Task directions: Word-for-word transcription needed. Include every entry below but no pictures.

The data:
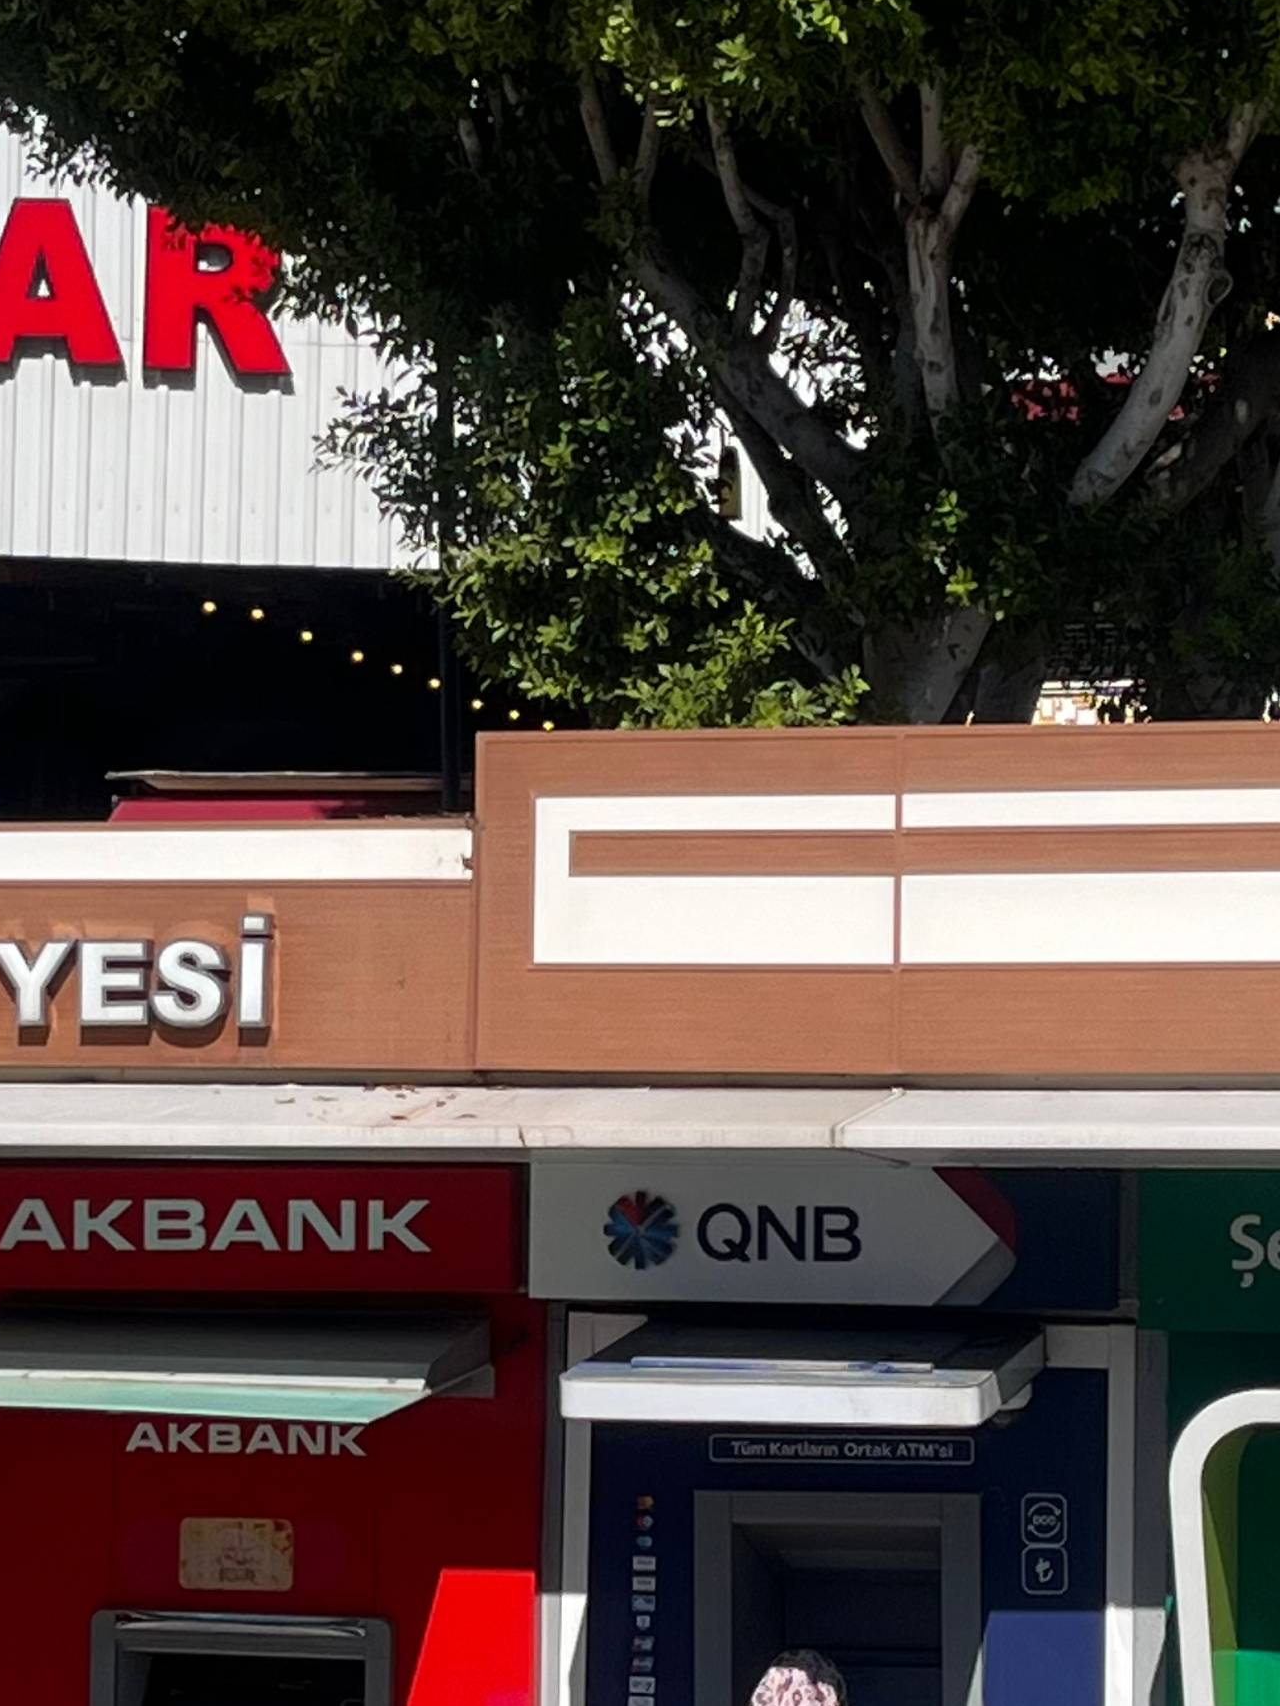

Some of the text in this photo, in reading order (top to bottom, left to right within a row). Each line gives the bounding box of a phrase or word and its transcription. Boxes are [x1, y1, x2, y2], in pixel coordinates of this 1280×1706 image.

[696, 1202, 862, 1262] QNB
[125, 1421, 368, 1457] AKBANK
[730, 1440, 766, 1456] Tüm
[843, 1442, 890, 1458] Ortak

Answer space:
Some of the text in this photo, in reading order (top to bottom, left to right within a row). Each line gives the bounding box of a phrase or word and its transcription. Boxes are [x1, y1, x2, y2], in pixel coordinates of this 1280×1706 image.

[696, 1202, 862, 1262] QNB
[125, 1421, 368, 1457] AKBANK
[730, 1440, 766, 1456] Tüm
[843, 1442, 890, 1458] Ortak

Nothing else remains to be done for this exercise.